Under pressure: phenotypic divergence and convergence associated with microhabitat adaptations in Triatominae.

BACKGROUND: Triatomine bugs, the vectors of Chagas disease, associate with vertebrate hosts in highly diverse ecotopes. It has been proposed that occupation of new microhabitats may trigger selection for distinct phenotypic variants in these blood-sucking bugs. Although understanding phenotypic variation is key to the study of adaptive evolution and central to phenotype-based taxonomy, the drivers of phenotypic change and diversity in triatomines remain poorly understood. METHODS/RESULTS: We combined a detailed phenotypic appraisal (including morphology and morphometrics) with mitochondrial cytb and nuclear ITS2 DNA sequence analyses to study Rhodnius ecuadoriensis populations from across the species' range. We found three major, naked-eye phenotypic variants. Southern-Andean bugs primarily from vertebrate-nest microhabitats (Ecuador/Peru) are typical, light-colored, small bugs with short heads/wings. Northern-Andean bugs from wet-forest palms (Ecuador) are dark, large bugs with long heads/wings. Finally, northern-lowland bugs primarily from dry-forest palms (Ecuador) are light-colored and medium-sized. Wing and (size-free) head shapes are similar across Ecuadorian populations, regardless of habitat or phenotype, but distinct in Peruvian bugs. Bayesian phylogenetic and multispecies-coalescent DNA sequence analyses strongly suggest that Ecuadorian and Peruvian populations are two independently evolving lineages, with little within-lineage phylogeographic structuring or differentiation.
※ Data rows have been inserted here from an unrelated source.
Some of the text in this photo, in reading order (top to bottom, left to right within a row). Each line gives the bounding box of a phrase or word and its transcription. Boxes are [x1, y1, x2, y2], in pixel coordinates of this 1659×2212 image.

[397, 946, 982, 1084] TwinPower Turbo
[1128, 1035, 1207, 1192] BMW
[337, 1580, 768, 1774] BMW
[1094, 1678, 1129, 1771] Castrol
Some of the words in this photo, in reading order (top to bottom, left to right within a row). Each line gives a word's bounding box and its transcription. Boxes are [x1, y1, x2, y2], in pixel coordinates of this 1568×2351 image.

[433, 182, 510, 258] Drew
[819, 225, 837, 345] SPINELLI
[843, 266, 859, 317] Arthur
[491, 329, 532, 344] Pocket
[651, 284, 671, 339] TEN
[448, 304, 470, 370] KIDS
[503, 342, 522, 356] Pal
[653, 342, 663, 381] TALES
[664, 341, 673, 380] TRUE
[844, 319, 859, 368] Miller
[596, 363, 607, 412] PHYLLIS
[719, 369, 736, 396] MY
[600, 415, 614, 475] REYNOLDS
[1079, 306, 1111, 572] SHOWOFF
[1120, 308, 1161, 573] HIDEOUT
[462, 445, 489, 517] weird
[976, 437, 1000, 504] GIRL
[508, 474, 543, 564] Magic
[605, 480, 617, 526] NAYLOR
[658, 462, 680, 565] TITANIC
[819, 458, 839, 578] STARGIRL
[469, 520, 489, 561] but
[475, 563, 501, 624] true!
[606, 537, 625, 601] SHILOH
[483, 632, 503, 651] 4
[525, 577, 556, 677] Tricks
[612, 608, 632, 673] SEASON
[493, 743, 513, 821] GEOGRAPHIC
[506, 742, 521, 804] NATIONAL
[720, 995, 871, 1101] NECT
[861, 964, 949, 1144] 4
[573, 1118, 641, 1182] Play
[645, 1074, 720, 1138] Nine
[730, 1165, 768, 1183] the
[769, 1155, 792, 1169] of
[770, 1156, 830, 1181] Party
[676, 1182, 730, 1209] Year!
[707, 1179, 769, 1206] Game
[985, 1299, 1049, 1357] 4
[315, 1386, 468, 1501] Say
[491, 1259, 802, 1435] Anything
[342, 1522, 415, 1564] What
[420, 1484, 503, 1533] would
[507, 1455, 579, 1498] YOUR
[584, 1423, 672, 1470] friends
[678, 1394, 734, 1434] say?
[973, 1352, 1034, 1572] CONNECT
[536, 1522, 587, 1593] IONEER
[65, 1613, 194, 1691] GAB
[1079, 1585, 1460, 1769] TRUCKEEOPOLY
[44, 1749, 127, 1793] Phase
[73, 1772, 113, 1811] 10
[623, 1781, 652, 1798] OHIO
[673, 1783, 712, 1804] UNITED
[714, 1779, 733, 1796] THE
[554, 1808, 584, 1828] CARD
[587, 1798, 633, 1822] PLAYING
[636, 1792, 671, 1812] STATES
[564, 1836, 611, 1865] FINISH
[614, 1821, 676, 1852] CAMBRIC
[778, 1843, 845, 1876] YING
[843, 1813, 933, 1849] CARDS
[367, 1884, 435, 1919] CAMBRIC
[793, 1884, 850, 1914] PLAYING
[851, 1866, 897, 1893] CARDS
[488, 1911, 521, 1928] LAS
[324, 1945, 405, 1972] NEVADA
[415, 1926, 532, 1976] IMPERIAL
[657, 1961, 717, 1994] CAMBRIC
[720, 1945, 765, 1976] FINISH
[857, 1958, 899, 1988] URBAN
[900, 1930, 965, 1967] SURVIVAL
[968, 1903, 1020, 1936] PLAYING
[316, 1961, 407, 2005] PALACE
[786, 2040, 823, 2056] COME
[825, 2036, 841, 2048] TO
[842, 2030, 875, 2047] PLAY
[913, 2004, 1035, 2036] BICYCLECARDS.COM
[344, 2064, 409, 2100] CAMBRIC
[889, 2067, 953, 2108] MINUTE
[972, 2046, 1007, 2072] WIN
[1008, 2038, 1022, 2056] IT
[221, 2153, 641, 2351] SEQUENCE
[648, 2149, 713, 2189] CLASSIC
CONCLUSIONS: We report sharp naked-eye phenotypic divergence of genetically similar Ecuadorian R. ecuadoriensis (nest-dwelling southern-Andean vs palm-dwelling northern bugs; and palm-dwelling Andean vs lowland), and sharp naked-eye phenotypic similarity of typical, yet genetically distinct, southern-Andean bugs primarily from vertebrate-nest (but not palm) microhabitats. This remarkable phenotypic diversity within a single nominal species likely stems from microhabitat adaptations possibly involving predator-driven selection (yielding substrate-matching camouflage coloration) and a shift from palm-crown to vertebrate-nest microhabitats (yielding smaller bodies and shorter and stouter heads). These findings shed new light on the origins of phenotypic diversity in triatomines, warn against excess reliance on phenotype-based triatomine-bug taxonomy, and confirm the Triatominae as an informative model system for the study of phenotypic change under ecological pressure

Correction to: Under pressure: phenotypic divergence and convergence associated with microhabitat adaptations in Triatominae.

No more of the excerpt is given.